Joshua bagged his sneakers and slipped his feet into the shoes that fit perfectly. He shrugged. “Thanks, I guess.”
“We have a friendly meal time here. We’re not like the Japanese orders… all stiff and silent. So look for me in the line outside the dining hall. Today is Thursday. We’ll have French Toast for lunch. And a big bowl of fruit for dessert. We have to go in shifts because French Toast has to be immediately served. Cold French Toast sucks. The food’s pretty good here.”
“Can I quote you about that?” Joshua grinned.
“Wouldn’t hurt, my brother. Wouldn’t hurt at all.”
The dining room seated nine people at a time. When Joshu arrived, the administration staff was having lunch while two groups of nine monks each waited in line. Joshua and Fa Dao were in the last group.
As the administration staff left the dining room and passed Joshua, Chuan Yi stopped and asked, “I trust you availed yourself of the library-copy of the Lanka.”
Joshua stared at him. “No, Reverend Brother,” he said weakly, “I didn’t know I was supposed to.”
“Are you telling me that I am mistaken when I say that we discussed the Lanka?”
“No, Reverend Brother,” said Joshua. “We did talk about it.”
“Then you are a disobedient oaf. And an impudent one since you seem to be calling me a liar. You were given an assignment and you chose to ignore it. This deserves punishment.”
Everyone turned to stare at Joshua who did not know how to respond.
Chuan Yi continued. “You distinctly told me you favored one of the two arguments. You gave me a name. What was that name?”
Abbot Jy Shao and another priest came out of the dining room and were approaching Joshua and Chuan Yi just as Joshua answered, “Nagarjuna'” – which Joshua pronounced as Nag-uh-jun-ahr – as Rick had pronounced it.
“You’re a rare scholar of Nagarjuna,” Chuan Yi sneered. “Can’t even pronounce his name.”
Joshua was facing the abbot and Chuan Yi’s back was to him. The abbot had not heard Chuan Yi’s comment. “Wonderful!” he said to Joshua. “That’s exactly how my old master pronounced the name. The British and New Englanders just hate to say “r” when it’s written but they will say it when it’s not.” He patted Joshua’s shoulder and continued to walk to his office. “Welcome aboard, my son,” he called, “and don’t forget the Gospel of Thomas!” He turned to the man he had been walking beside. “I hear the new man’s quite a deep thinker.”

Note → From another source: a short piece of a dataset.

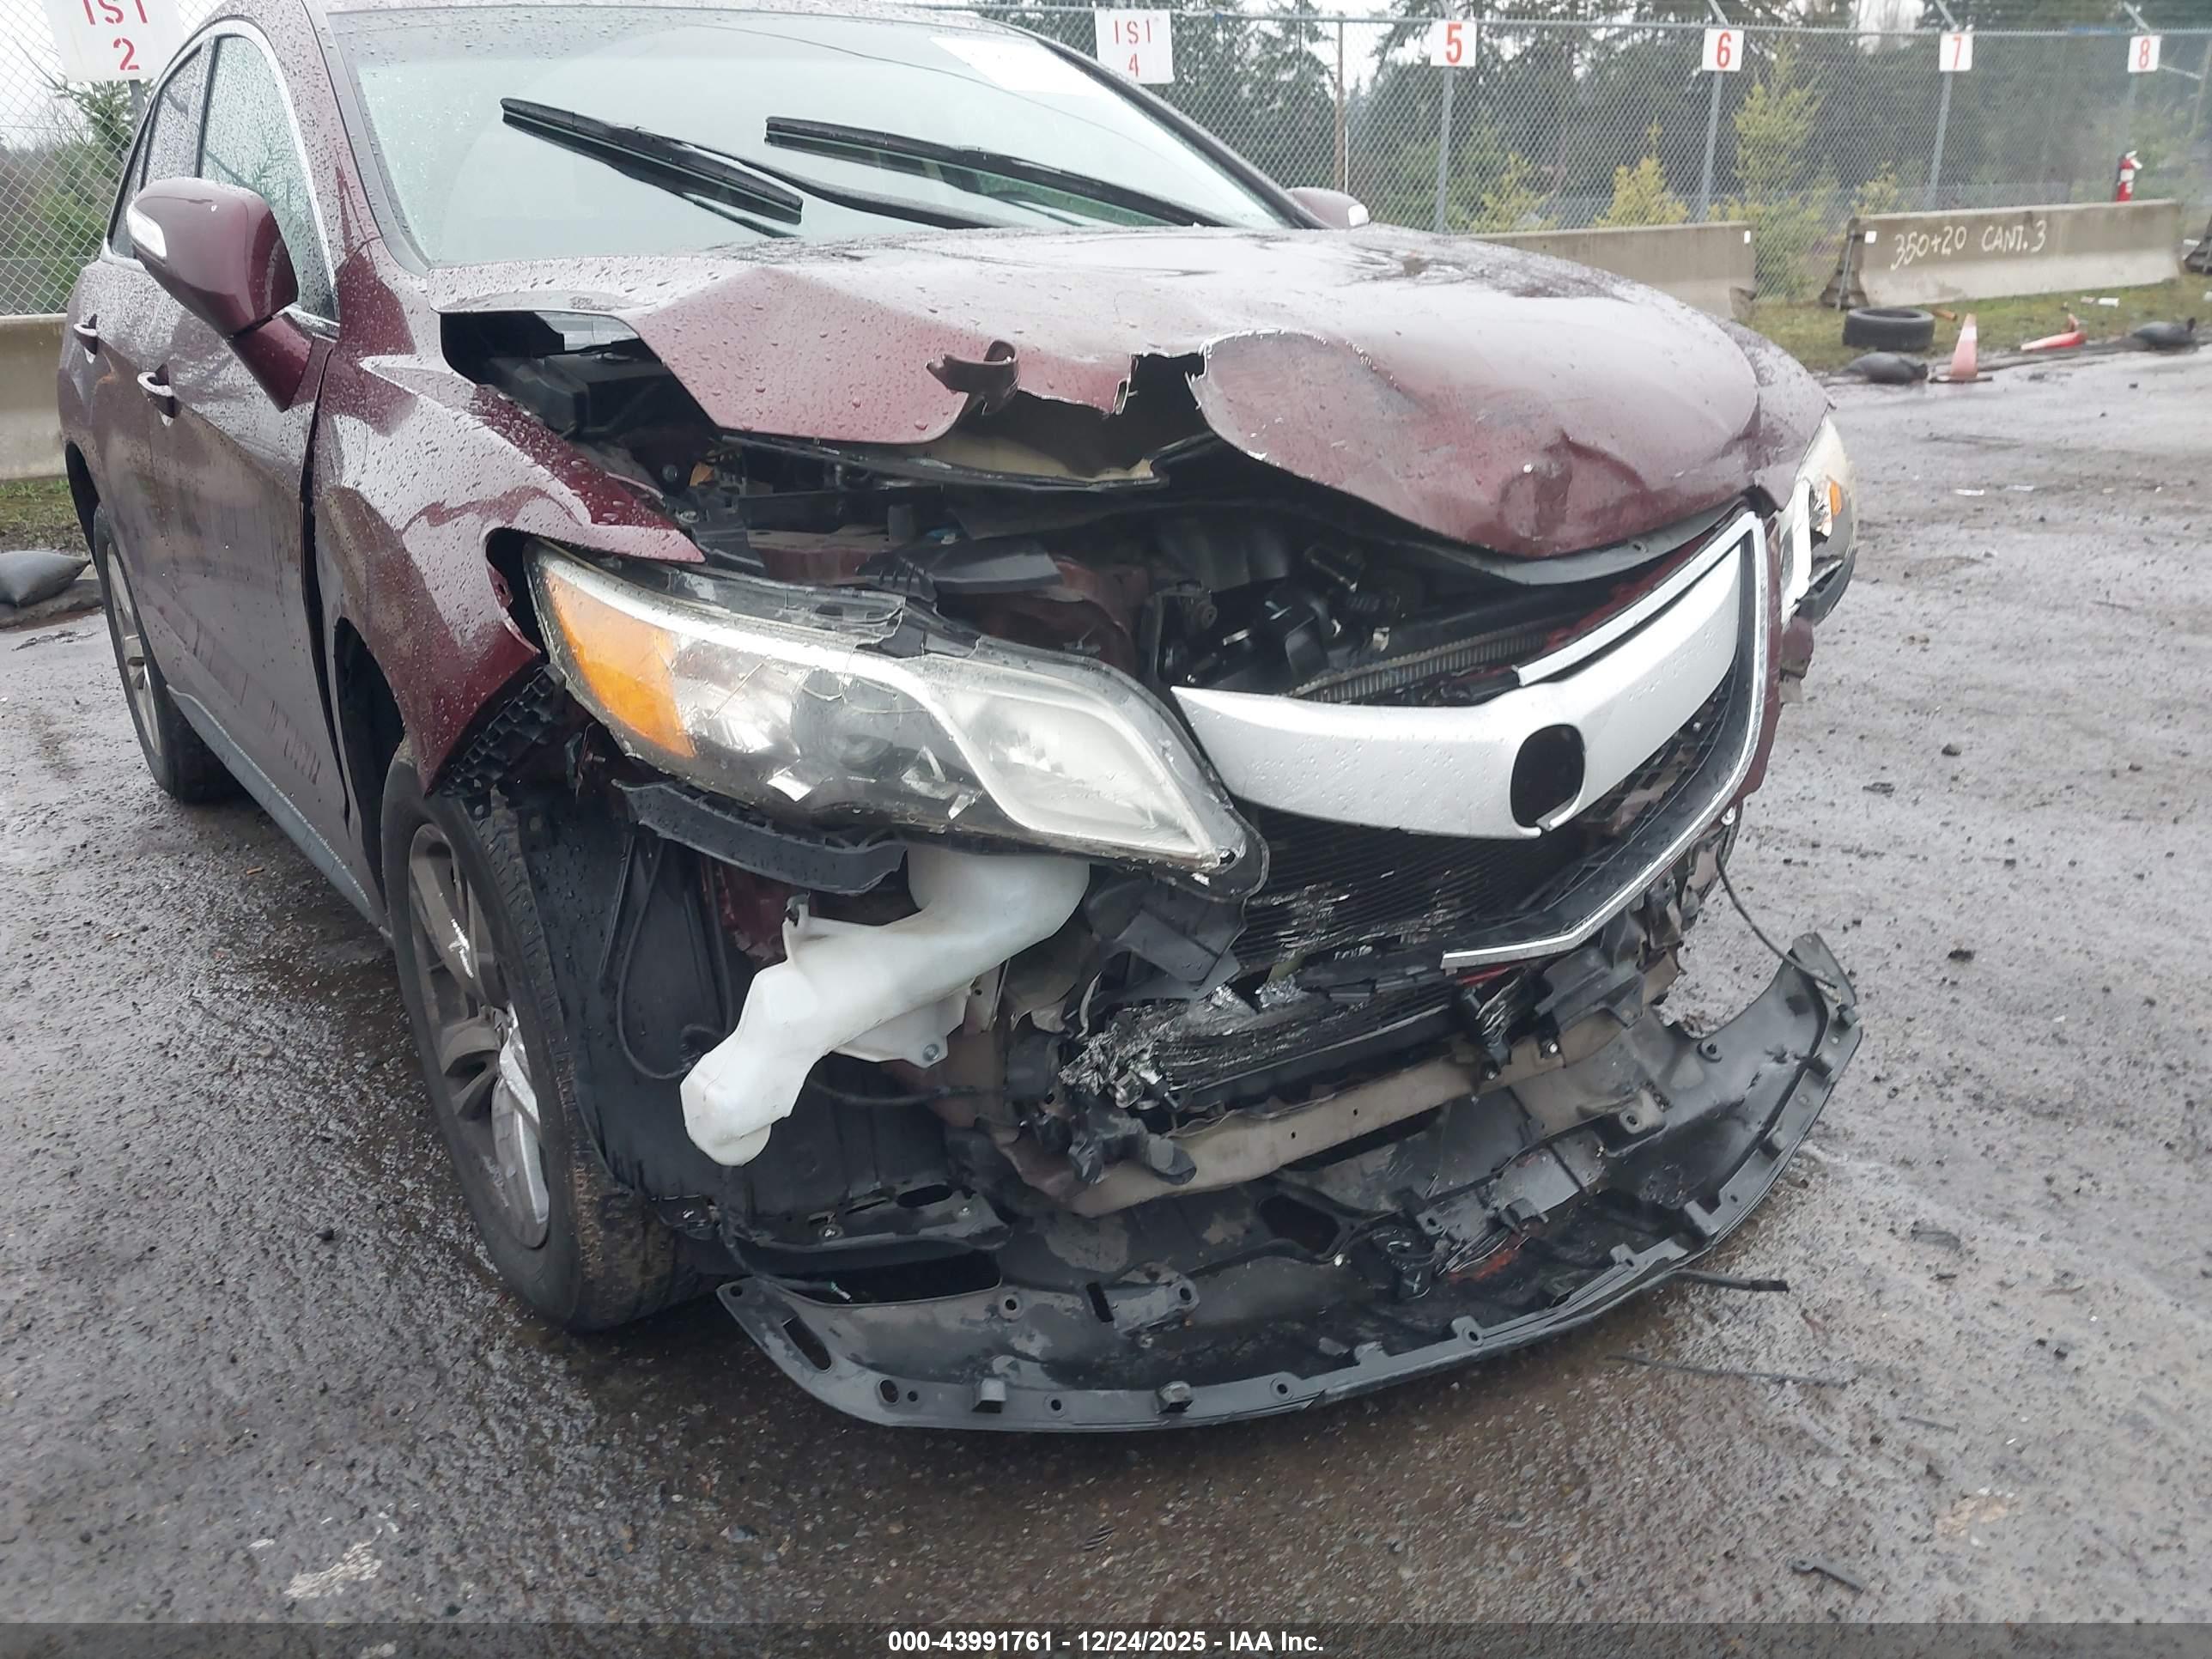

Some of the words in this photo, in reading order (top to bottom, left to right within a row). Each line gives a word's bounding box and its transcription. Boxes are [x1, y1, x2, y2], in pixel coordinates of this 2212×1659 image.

When all the administrative staff had left the dining room and the next nine monks had entered, Fa Dao whispered to Joshua, “Your life just got harder. The abbot made a fool of Chuan Yi. And he was just getting started with his technique. What he does is work your ass off researching and writing commentary that he gets published as sole writer, or sometimes submits to a contest they have… something that he’ll take all the credit for. Unless, of course, the work is bad. Then you’ll really get shit on. But the opening gambit is the same: Chuan Yi chastises a person so that to get back into his good graces, the person becomes his slave.”